This story is from January 21, 2021

Assam assembly elections: Congress hopes alliance will help add 20 seats

Assam assembly elections: Congress hopes alliance will help add 20 seats
In the 2016 assembly polls, the Congress ended with 26 seats, with AIUDF taking away an important share of anti-BJP votes.
GUWAHATI: The Congress-led “grand alliance” will first look to consolidate the constituencies where vote division with the AIUDF had cost them in the last assembly election. Party insiders said the number would be about 20 seats.
Even as the seat-sharing agreement is yet to be done, the tussle for tickets between minority leaders of Congress and AIUDF in selected constituencies, especially in lower Assam and Barak Valley districts, may put the alliance in a fix.

Nevertheless, the Congress is planning to take its tally to 50 in the 126-member assembly to play a key role in forming the next government.
In the 2016 assembly polls, the Congress ended with 26 seats, with AIUDF taking away an important share of antiBJP votes. Vote share of Congress slipped from 39.39% in 2011 to 31% in 2016. But, if combined with the AIUDF, which had a vote share of 13% in the last assembly polls, the two parties could manage a better vote share than the BJP-led alliance’s 42% in 2016.
“All we need to do is stop the division of anti-BJP votes in the upcoming assembly elections. In general, it is said we lost 24-25 seats due to disunity among anti-BJP parties. In low margin, Congress lost so many seats. We can gain these as the grand alliance has been finalised,” said senior Congressman and leader of Opposition, Debabrata Saikia.
Assam Pradesh Congress Committee (APCC) general secretary Ranjan Bora said the Left support in its strongholds such as Sarbhog in Barpeta, which is represented by state BJP president Ranjeet Dass, is a boost to the Congress-led alliance.
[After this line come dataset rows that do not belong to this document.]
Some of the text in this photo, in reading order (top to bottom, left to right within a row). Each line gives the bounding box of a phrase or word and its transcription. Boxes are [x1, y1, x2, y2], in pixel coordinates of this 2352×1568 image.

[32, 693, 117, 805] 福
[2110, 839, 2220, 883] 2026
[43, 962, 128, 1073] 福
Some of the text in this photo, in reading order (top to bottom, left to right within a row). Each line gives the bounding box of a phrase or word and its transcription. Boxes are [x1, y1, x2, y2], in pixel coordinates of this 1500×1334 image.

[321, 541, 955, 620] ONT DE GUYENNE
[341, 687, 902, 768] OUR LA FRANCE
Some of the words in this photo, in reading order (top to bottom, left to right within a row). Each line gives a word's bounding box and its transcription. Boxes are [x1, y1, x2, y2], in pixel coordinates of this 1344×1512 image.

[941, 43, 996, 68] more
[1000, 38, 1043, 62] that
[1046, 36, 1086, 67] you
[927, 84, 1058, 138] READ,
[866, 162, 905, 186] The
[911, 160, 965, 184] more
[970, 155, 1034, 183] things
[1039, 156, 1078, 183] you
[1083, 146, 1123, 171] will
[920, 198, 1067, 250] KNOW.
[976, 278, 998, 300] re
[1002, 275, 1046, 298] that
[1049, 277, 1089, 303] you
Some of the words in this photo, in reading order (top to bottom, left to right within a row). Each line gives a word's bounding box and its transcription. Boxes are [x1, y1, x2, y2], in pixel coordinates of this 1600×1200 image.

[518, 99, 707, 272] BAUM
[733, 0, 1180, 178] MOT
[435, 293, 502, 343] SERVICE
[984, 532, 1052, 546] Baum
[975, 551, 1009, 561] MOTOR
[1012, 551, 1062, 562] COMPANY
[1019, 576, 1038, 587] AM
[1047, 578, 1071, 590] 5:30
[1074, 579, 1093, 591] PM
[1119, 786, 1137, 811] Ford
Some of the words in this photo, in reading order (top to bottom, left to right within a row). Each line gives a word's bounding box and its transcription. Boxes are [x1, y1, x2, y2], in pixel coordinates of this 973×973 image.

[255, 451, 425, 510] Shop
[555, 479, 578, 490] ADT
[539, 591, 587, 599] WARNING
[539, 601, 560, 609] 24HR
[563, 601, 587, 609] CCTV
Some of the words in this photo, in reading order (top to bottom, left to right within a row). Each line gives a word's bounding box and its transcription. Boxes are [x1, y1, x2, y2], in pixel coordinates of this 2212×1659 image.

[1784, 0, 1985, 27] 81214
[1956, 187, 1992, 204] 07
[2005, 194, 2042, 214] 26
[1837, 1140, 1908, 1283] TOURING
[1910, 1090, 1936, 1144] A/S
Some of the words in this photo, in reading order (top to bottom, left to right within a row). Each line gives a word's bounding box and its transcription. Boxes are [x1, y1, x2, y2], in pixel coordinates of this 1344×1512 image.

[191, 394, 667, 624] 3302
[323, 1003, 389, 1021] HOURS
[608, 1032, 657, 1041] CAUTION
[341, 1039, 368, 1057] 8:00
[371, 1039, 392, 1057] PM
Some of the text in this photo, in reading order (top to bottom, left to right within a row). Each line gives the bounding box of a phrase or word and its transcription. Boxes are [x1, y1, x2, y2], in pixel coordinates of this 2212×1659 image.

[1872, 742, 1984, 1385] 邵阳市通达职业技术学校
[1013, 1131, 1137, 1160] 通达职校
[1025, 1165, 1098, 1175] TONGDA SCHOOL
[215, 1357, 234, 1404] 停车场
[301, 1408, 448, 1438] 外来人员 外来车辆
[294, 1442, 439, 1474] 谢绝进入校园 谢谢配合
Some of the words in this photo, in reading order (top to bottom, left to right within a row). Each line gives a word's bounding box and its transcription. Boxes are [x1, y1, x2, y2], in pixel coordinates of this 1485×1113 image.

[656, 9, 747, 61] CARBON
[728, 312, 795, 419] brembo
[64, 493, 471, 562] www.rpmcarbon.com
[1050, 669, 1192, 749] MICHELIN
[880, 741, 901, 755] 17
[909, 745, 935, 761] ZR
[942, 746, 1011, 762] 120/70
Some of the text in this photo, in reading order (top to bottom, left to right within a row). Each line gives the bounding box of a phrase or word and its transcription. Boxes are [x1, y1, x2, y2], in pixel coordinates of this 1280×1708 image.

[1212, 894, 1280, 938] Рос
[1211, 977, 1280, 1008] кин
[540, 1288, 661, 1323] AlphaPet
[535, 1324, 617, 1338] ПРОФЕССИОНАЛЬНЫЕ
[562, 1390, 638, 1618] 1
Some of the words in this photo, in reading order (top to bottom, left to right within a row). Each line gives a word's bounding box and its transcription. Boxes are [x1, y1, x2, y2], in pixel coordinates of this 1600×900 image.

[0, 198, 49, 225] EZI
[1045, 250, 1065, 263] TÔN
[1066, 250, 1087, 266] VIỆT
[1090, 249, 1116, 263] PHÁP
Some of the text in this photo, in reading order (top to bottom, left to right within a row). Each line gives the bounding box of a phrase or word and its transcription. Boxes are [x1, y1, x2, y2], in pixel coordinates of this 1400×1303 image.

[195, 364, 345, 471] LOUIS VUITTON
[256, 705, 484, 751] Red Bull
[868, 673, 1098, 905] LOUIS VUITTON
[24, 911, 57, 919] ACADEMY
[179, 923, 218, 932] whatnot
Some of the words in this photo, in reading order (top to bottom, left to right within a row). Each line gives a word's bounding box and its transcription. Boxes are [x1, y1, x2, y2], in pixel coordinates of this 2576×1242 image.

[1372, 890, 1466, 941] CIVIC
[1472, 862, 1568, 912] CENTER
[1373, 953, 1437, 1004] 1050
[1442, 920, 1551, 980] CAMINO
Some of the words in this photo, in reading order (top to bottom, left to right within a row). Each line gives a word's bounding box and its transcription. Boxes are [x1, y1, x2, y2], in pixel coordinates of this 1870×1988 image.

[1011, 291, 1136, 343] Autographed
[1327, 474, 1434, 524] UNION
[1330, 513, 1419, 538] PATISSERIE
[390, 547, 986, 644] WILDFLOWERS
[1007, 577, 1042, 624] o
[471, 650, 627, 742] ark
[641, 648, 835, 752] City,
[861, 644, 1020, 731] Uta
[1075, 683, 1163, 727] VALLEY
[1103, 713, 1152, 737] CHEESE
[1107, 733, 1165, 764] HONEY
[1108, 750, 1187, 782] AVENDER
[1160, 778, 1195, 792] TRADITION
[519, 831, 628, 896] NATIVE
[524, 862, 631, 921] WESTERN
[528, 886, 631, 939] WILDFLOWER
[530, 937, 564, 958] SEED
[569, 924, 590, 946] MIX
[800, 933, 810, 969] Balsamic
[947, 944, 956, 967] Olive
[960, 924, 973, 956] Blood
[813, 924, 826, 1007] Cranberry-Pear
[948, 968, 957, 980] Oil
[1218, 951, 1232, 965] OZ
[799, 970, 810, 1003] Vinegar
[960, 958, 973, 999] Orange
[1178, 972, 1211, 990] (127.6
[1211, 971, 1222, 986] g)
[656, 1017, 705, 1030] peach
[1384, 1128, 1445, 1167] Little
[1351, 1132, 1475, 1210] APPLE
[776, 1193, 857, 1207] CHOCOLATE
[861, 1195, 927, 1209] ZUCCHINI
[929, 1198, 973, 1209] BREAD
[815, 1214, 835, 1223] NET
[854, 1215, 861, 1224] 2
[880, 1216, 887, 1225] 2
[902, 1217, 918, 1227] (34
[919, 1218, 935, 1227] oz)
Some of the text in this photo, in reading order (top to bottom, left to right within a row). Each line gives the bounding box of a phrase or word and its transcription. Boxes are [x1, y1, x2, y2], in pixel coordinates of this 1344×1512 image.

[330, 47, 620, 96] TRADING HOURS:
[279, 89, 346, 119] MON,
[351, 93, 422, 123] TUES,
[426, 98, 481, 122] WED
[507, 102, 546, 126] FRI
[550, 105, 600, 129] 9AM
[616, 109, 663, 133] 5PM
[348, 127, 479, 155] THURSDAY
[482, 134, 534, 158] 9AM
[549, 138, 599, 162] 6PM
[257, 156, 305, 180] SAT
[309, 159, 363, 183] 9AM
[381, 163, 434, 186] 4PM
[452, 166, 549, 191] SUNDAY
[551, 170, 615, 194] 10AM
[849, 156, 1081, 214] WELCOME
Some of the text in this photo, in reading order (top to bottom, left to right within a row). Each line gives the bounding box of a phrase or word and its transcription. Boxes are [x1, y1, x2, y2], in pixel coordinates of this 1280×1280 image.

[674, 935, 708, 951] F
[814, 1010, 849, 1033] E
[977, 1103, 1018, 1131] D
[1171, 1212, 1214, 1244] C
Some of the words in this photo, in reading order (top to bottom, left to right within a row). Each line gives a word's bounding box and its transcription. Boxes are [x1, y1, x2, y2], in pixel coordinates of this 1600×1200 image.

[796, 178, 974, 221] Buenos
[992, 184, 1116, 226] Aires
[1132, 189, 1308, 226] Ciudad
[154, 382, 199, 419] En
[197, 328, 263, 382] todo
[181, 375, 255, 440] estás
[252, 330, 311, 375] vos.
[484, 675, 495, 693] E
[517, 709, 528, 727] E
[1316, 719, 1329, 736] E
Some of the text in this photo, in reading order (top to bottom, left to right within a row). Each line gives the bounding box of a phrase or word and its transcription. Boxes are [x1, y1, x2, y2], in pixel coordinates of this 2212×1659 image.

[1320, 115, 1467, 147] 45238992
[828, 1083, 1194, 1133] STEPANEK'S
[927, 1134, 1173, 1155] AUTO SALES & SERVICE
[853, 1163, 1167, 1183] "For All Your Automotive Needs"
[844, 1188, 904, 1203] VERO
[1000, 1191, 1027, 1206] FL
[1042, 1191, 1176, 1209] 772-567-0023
However, it’s going to be the AIUDF, which was the major concern for the Congress.
“For AIUDF candidates, Congress lost 12-14 seats directly. Many of their candidates took away 2,000-4,000 votes in constituencies where Congress would have won easily. This division of votes with AIUDF has not hurt us only in lower Assam and Barak Valley but in upper Assam as well, though it was believed that minorities don't play a decisive role in elections here (upper Assam),” Bora said.